由于川贝母疗效良好及资源稀少等原因,始终是贝母类药材中最为昂贵的品种,因此药材市场上以及各种含贝母的中成药中也屡见用其他贝母冒充川贝母的现象。常规的性状、显微以及理化鉴定方法不能将它们区别开,而分子生物学技术的快速发展使得各种贝母的准确鉴定成为了可能。
目前对于川贝母的DNA分子鉴定,有采用聚合酶链反应-限制性酶切图谱鉴定方法PCR-RFLP(中国发明专利CN03131798.7)和特异引物PCR方法(Planta Med 2003;69:184-186),前者可将川贝母与其他贝母药材区别开,后者能鉴别卷叶贝母。但是,这些方法对供试材料的要求较高,只能鉴定新鲜鳞茎和叶子,而不能对各种含贝母的中成药,如片剂、散剂、丸剂等制剂中原料药材进行准确鉴定。因此寻找鉴定中成药中川贝母的方法具有重要的意义。
发明内容
本发明公开了一种基于基因组RAPD分析的含贝母中成药中贵重原料药川贝母的鉴定方法,它克服了常规鉴定方法如性状、显微、理化鉴定的不足。

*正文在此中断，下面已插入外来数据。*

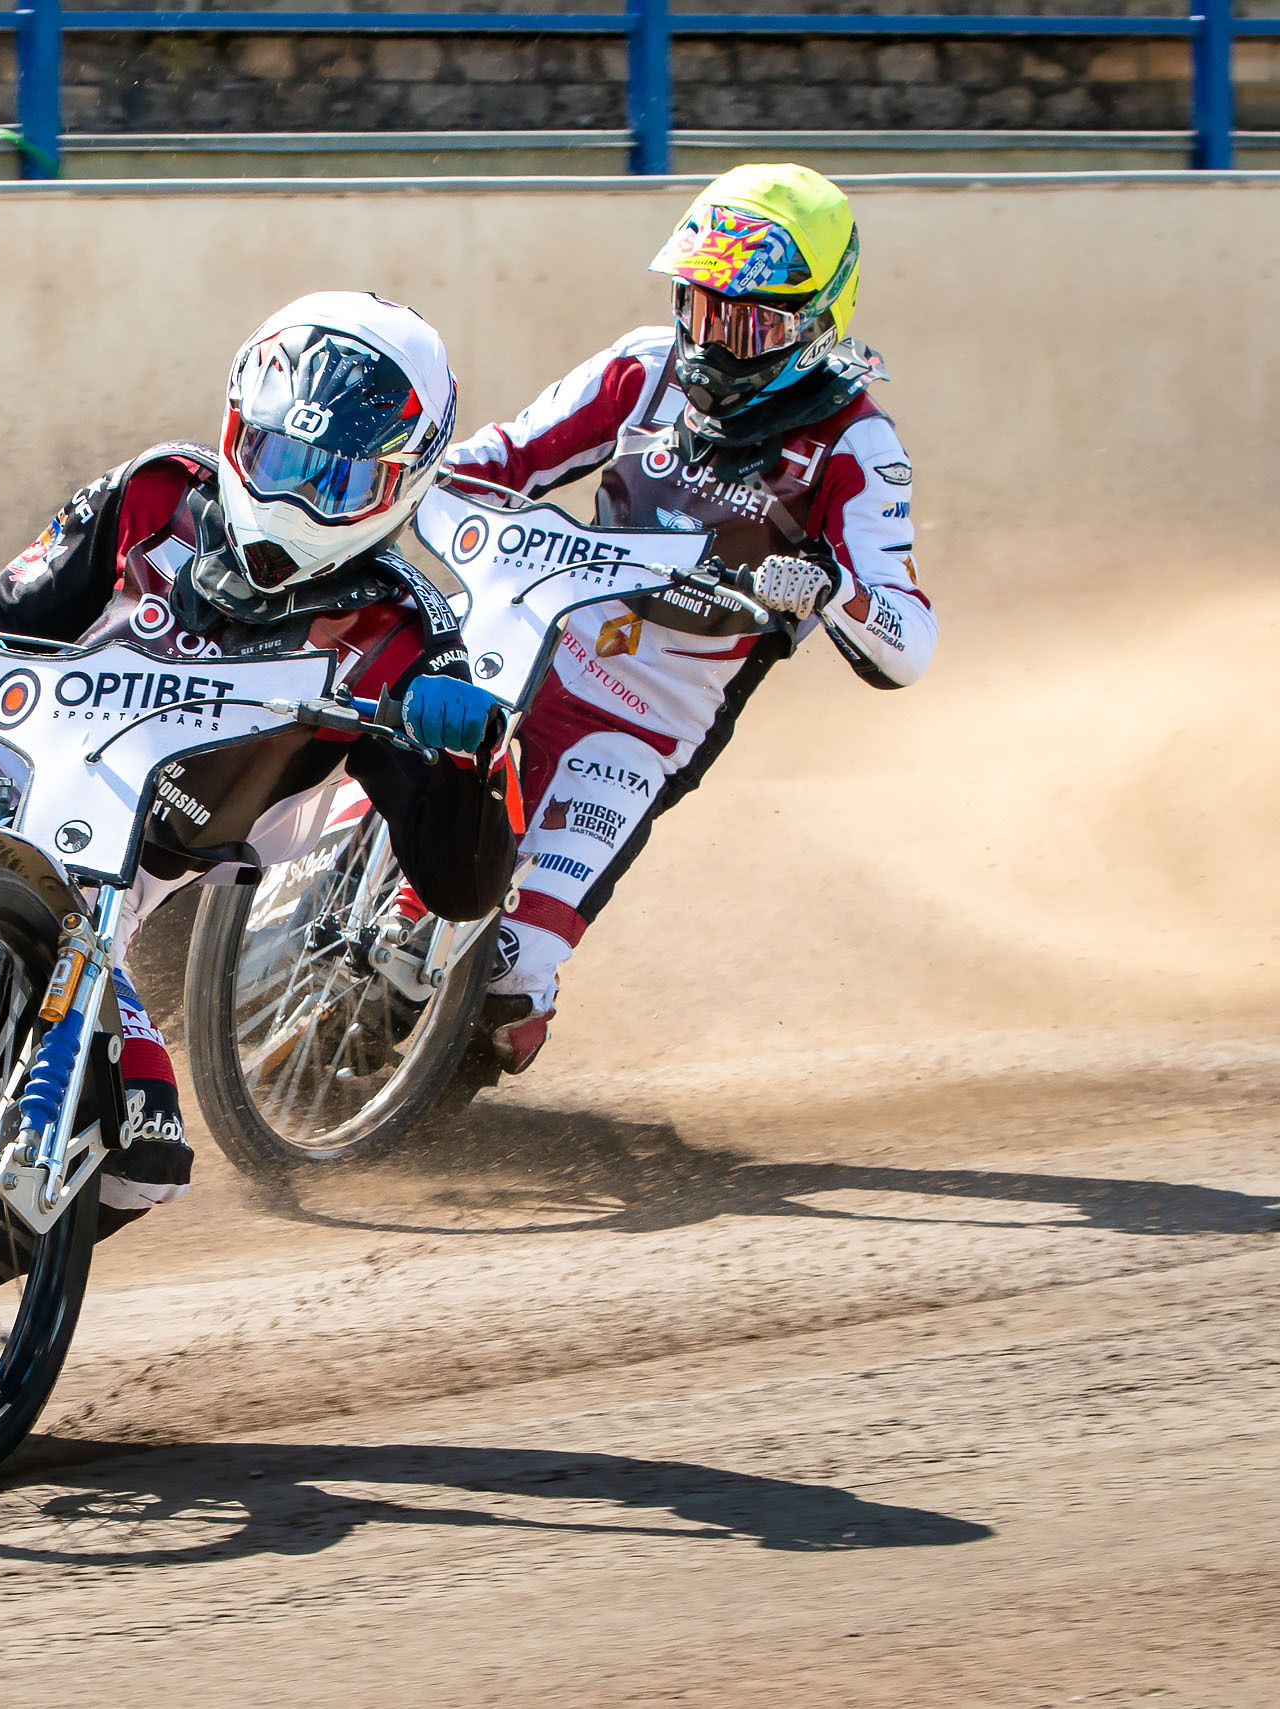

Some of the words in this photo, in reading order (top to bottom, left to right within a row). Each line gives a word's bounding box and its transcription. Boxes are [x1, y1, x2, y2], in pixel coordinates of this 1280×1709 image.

[497, 523, 631, 578] OPTIBET
[703, 604, 713, 618] 1
[55, 671, 234, 719] OPTIBET
[560, 631, 587, 664] BER
[584, 658, 650, 715] STUDIOS
[158, 775, 212, 827] ionship
[571, 799, 627, 830] YOGGY
[573, 813, 618, 842] BEAR

本发明含贝母中成药中川贝母的鉴定方法包括:建立川贝母的随机扩增多态DNA标准图谱和待鉴定中成药随机扩增多态DNA图谱,将两者进行比对,在待鉴定中成药随机扩增多态DNA图谱中找到与标准图谱对应的条带,则判定待鉴定中成药中贝母成分为川贝母,反之则不是川贝母。
上述方法中,建立随机扩增多态DNA图谱的方法包括:
a、标准品或中成药经处理粉碎成细粉后,预处理除色素,用CTAB法提取各基因组DNA。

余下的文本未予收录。